The Protein Detour

By Dave Powell

For the TODAY

Hopefully, ferry services will be resumed this year for Oregon Coast Trail hikers seeking passage across Tillamook Bay. Otherwise we will still have to hike the 20 miles of Highway 101, Highway 131, and Bayocean Road from Bar Jetty to reach Cape Meares. But if we have to hike the highway alternate it will at least contain the Protein Detour, with plenty of options for cheese and jerky.

I first tasted mac and cheese in pre-school. I didn’t eat it then and, more than 65 years later, I still don’t.

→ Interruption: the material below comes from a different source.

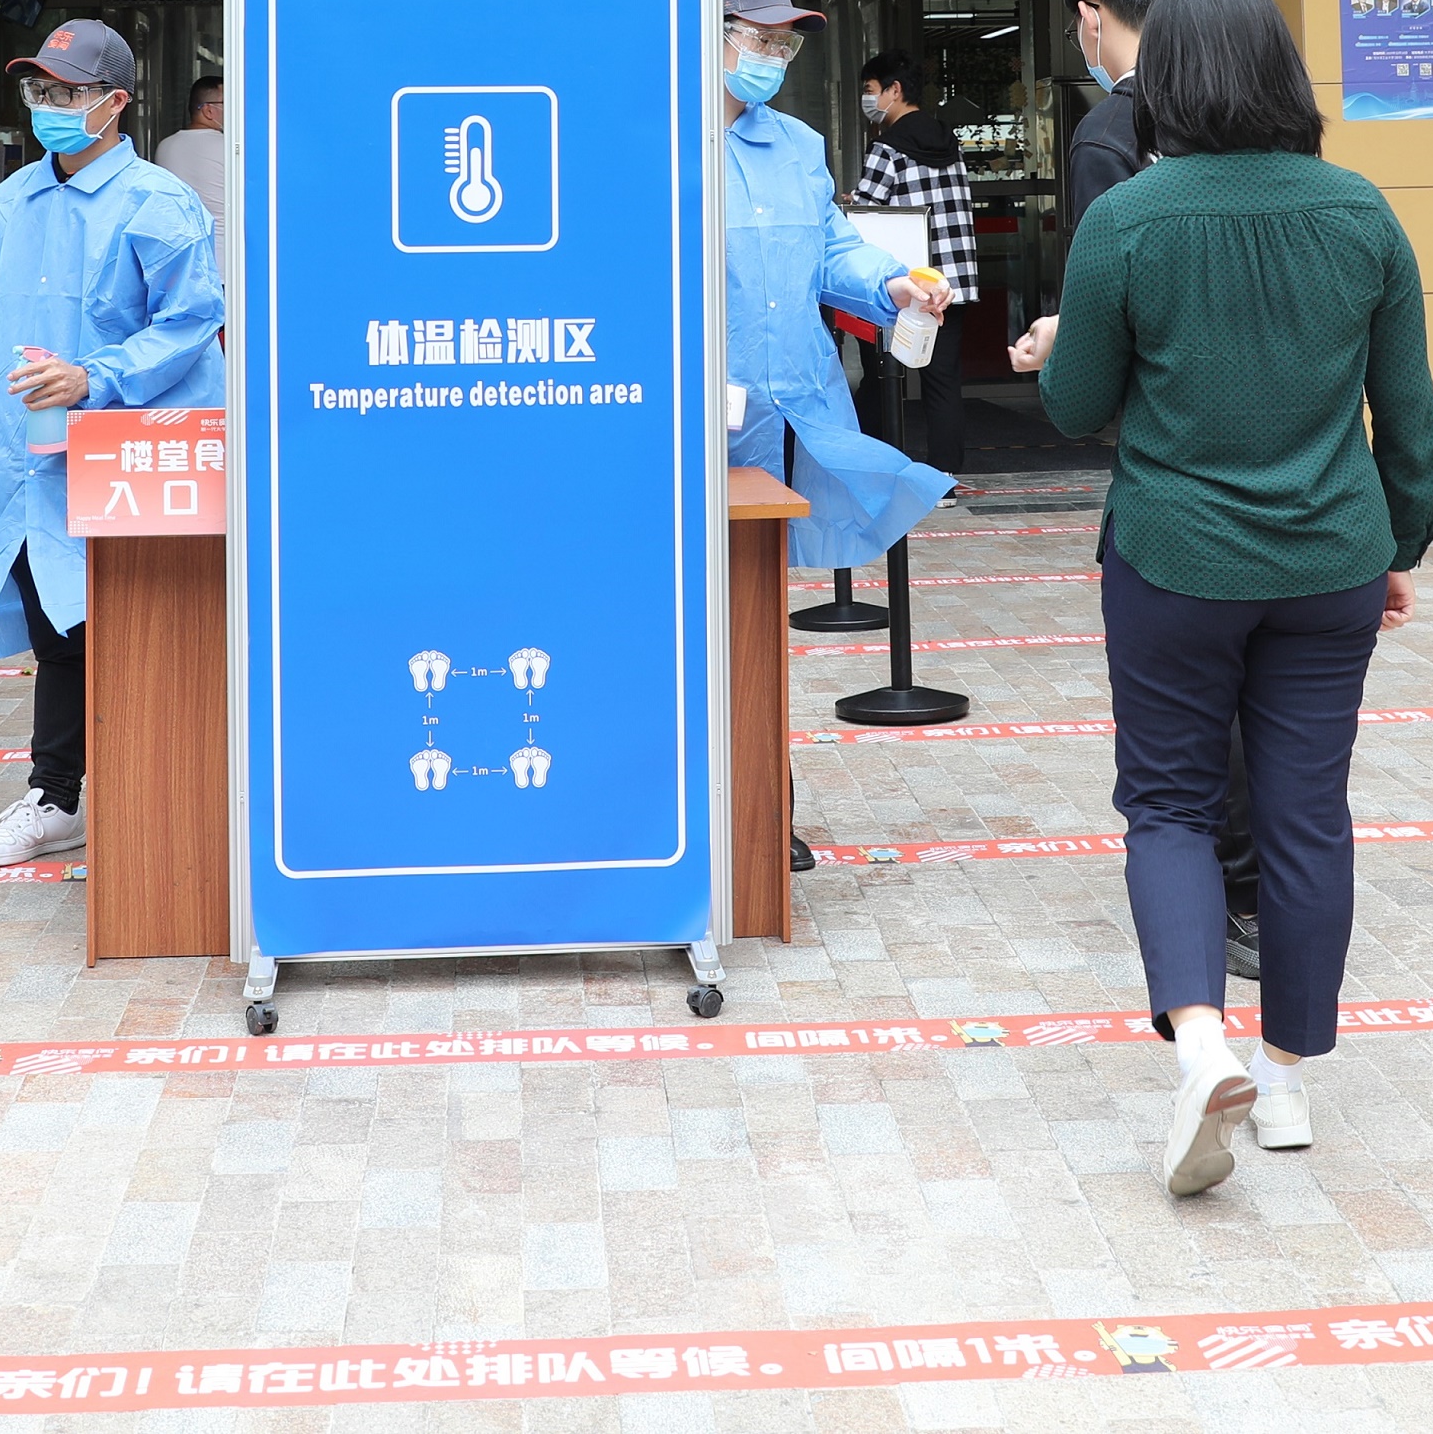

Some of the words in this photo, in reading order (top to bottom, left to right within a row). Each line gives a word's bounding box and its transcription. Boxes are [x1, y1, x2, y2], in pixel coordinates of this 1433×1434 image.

Watching TV as a kid I learned the difference between American and Swiss cheese. Natasha Fatale asked Boris Badenov which he wanted. Boris chose Swiss. So, Natasha pulled out a machine gun and “aerated” a block of cheese to create Swiss.

Alton Brown in a “Good Eats” episode about cheese answered the question, “What is the most popular cheese in France?” His reply, “I have no idea, but I bet it’s runny. I bet it smells like an old sock.”

Growing up I finally tried various cheeses. My repertoire is Swiss, very sharp Cheddar, and Velveeta. Of course, mozzarella cheese is on pizza but who eats it plain?

 

Jerky

As for acquiring a taste for jerky, that started with the Scouts. It wasn’t all that great or that bad. It balanced flavor against the tougher chewing. It does keep one’s tummy feeling full.

As you head south from Garibaldi about six miles later you reach Bay City, and Tillamook Country Smoker. Although the factory doesn’t have a tour — the prices in the outlet store are worth stopping in. From small twin packs of the smoked sausages to larger 10-ounce packages, protein for your muscles comes in a multitude of flavors — my favorite is Teriyaki.

 

Cheese

About three miles south of Bay City’s Tillamook Smoker is the Tillamook Creamery. Farmer owned since 1909 it is hard to miss. The large building has on the second floor an observation area so you can watch the process of turning milk to cheese. It also has samples — three different sealed Cheddar styles you can take on the road were the choices. Other cheeses are found on the first floor, along with other snacks and merchandising (where Mel Brooks as Yogurt in Space Balls says the real money is made). The large ice cream parlor section and the regular checkout line are short waits. I walked out with a package of 10 smaller extra sharp Cheddar for later hikes, a larger Cheddar for crackers at home, and a merchandising postcard “I came, I saw, I con-curd.”

About another mile to the south is Blue Heron Cheese. Besides cheese, it has wines, a small animal farm and a candy store. Among the cheese choices besides their Brie is Wensleydale— known from Wallace and Gromit. In the 1990s, sales of Wensleydale cheese from the Wensleydale Creamery had fallen so low that production in the last dairy in Wensleydale itself was at risk of being suspended. Thanks to the popular Wallace and Gromit animated shorts, the company survived.

Blue Heron’s selection is less aimed for hikers. So, I spend more time in their candy store, which features an eclectic selection that should meet everyone’s tastes. There, I found a grape scented pen. When all the protein choices of this detour have been eaten — the scent of the grape pen will still be present for months.

To quote authors Jessie Jones, Jamie Wooten and Nicholas Hope in their play, “The Savannah Sipping Society,” which just finished its run at Lincoln City’s Theatre West. The final word is “Fromage!”